Then, as shown in FIG. 25, the resist pattern 70 is peeled off. The resist pattern 70 can be peeled by ashing using O ₂ plasma or a resist stripping method.

  Next, heat treatment is performed on the semiconductor substrate 2 and the gate insulating film 7. The heat treatment conditions are a heat treatment temperature of 650 ° C. to 1050 ° C. and a treatment time of less than 10 seconds. Further, the heat treatment for the semiconductor substrate 2 and the gate insulating film 7 may be performed before the resist pattern 70 is removed. The determination of the heat treatment conditions for the semiconductor substrate 2 and the gate insulating film 7 and the determination of whether or not to perform the heat treatment for the semiconductor substrate 2 and the gate insulating film 7 are the same as in the second embodiment.

  The process after the heat treatment of the semiconductor substrate 2 and the gate insulating film 7 is the same as the process described with reference to FIGS. 5 to 11 of the first embodiment. Further, when the semiconductor substrate 2 and the gate insulating film 7 are not heat-treated, the steps after the resist pattern 70 is peeled off are the same as the steps described in FIGS. 5 to 11 of the first embodiment.

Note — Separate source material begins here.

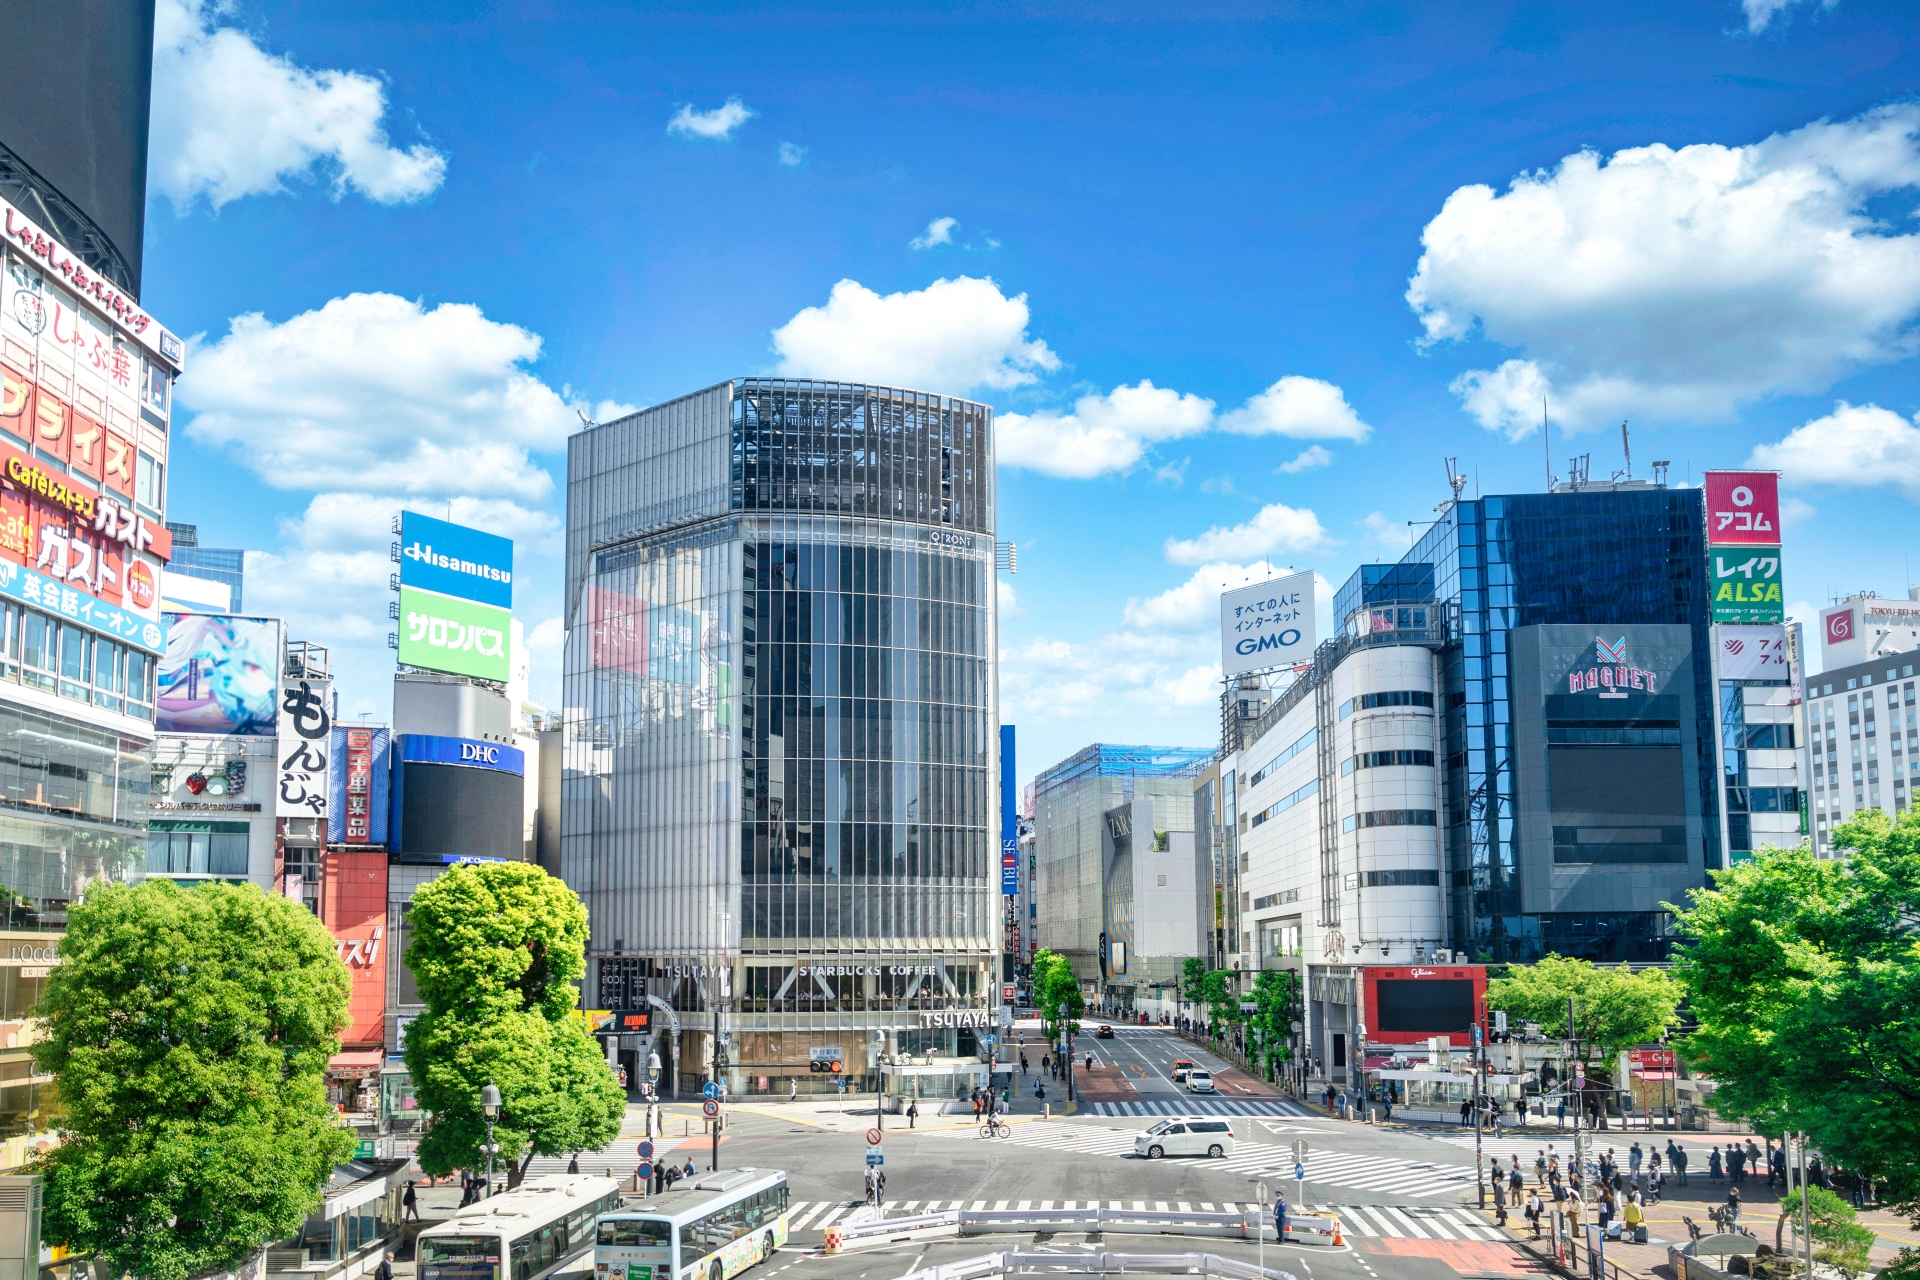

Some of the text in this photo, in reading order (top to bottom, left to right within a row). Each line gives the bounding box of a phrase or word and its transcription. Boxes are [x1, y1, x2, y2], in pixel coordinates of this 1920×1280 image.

Regarding the above first embodiment and second embodiment, the following additional notes are disclosed.
(Appendix 1)
A semiconductor substrate;
A gate insulating film provided on the semiconductor substrate;
A gate electrode provided on the gate insulating film;
Including a plurality of types of field effect transistors having different threshold voltages including:
At least one of the field effect transistors is a semiconductor device in which at least one metal is present in the gate insulating film.

(Appendix 2)
2. The semiconductor device according to claim 1, wherein when a metal is present in the gate insulating film of the plurality of types of field effect transistors, the density of the metal in the gate insulating film is different for each type of the field effect transistor.

(Appendix 3)
3. The semiconductor device according to appendix 1 or 2, wherein the concentration of the channel impurity of the field effect transistor differs depending on the type of the field effect transistor.

(Appendix 4)
The semiconductor device according to any one of appendices 1 to 3, wherein the metal is selected from the group consisting of Hf, Zr, Al, La, Y, Ti, Ta, W, Ir, and Pt.

(Appendix 5)
Forming a gate insulating film on the semiconductor substrate;
Forming a resist pattern on the gate insulating film in a region for forming a first field effect transistor;
Depositing at least one metal on the gate insulating film in a region where a second field effect transistor having a threshold voltage different from that of the first field effect transistor is formed using the resist pattern as a mask; ,
Removing the resist pattern;
Performing a heat treatment on the semiconductor substrate and the gate insulating film;
Forming a gate electrode on the gate insulating film.

(Appendix 6)
The semiconductor device manufacturing method according to appendix 5, wherein the metal is selected from the group consisting of Hf, Zr, Al, La, Y, Ti, Ta, W, Ir, and Pt.

(Appendix 7)
Forming a gate insulating film on the semiconductor substrate;
Forming a first resist pattern on the gate insulating film in a region for forming a first field effect transistor;
Using the first resist pattern as a mask, at least one first type of first insulating film is formed on the gate insulating film in a region where a second field effect transistor having a threshold voltage different from that of the first field effect transistor is formed. Attaching metal,
Peeling the first resist pattern;
Forming a second resist pattern on the gate insulating film in a region for forming the second field effect transistor;
Depositing at least one second metal on the gate insulating film in the region where the first field effect transistor is to be formed using the second resist pattern as a mask;
Peeling the second resist pattern;
Performing a heat treatment on the semiconductor substrate and the gate insulating film;
Forming a gate electrode on the gate insulating film.

(Appendix 8)
The manufacturing method of a semiconductor device according to appendix 7, wherein the first metal and the second metal are deposited on the gate insulating film with different areal densities.

(Appendix 9)
The semiconductor device manufacturing method according to appendix 7 or 8, wherein a channel impurity concentration of the first field effect transistor is different from a channel impurity concentration of the second field effect transistor.

(Appendix 10)
10. The method of manufacturing a semiconductor device according to any one of appendices 7 to 9, wherein the metal is selected from the group consisting of Hf, Zr, Al, La, Y, Ti, Ta, W, Ir, and Pt.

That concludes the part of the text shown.